A good example is the narrative about double and triple-dips in the UK. Commentators made much of the ONS’ revisions to the GDP series that ‘revised away’ the triple-dip, ‘vindicating Osborne’. The revisions may have eliminated a slight dip in GDP but they didn’t change anyone’s understanding of what had happened in the macroeconomy. That data was important for commentary but not for analysis. In fairness to commentators, distinguishing genuine trends from randomness is not easy. Our eyes are drawn to ‘streaks’, whether in football games or economic time series, even when the series is essentially random. Economists are always looking for techniques to separate the streaks from the randomness. The problem we face is that many of the tools are fairly impenetrable to casual observers and hard to explain.

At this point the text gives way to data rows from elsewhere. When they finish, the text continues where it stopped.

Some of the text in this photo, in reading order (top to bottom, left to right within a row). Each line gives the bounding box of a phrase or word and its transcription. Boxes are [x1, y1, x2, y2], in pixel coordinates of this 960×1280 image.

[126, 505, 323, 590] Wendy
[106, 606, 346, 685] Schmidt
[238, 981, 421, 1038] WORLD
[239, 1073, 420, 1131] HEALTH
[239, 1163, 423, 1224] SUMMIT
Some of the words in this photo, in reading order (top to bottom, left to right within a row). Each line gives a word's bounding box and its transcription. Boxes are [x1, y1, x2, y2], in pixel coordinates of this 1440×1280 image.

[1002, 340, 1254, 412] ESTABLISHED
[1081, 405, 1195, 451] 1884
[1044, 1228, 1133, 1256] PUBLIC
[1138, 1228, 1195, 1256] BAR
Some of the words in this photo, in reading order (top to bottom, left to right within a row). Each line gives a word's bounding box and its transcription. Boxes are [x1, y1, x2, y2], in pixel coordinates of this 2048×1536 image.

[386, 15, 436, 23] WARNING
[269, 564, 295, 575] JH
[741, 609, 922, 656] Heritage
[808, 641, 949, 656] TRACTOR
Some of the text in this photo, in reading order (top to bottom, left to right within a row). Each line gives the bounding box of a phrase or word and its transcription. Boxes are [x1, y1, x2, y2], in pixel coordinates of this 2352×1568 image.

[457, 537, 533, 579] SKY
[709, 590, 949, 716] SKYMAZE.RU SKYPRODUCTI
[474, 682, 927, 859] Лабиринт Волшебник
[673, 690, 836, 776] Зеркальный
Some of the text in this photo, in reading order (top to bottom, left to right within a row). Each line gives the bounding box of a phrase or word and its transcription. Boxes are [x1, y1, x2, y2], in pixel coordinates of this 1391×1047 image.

Edward Tufte has suggested using randomised sparklines to visually distinguish genuine trends from deceptive streaks, so I thought I’d give it a go with the last four years of UK unemployment data. Here is the monthly change in the UK unemployment rate since June 2009: . We think that a recovery has begun so the recent years’ falling unemployment looks good. Now let’s try randomising the values and see if the ‘streak’ disappears.
Here are ten sparklines with shuffled values: To my eye there is still a lot of streakiness there, which suggests that the current run might be just randomness. Indeed, a more traditional graphic, such as the partial autocorrelation plot, confirms that the data isn’t streaky:
That doesn’t mean we aren’t seeing a recovery—unemployment tends to lag other indicators and the recovery is recent—but we should be hesitant to causally interpret the latest release. So far, so good, but it’s nothing that any economist couldn’t have told you already. Autocorrelation is already used by most people to gauge ‘streakiness’ far more effectively than the randomised sparklines, so what do they add? When talking to another economist I’m not sure that they are useful. When communicating with people who don’t know their ARs from their MAs they could be extremely helpful in overcoming the narrative bias. The key will be to make them accessible and quick to produce as an explanatory tool since I don’t see them being used in final outputs.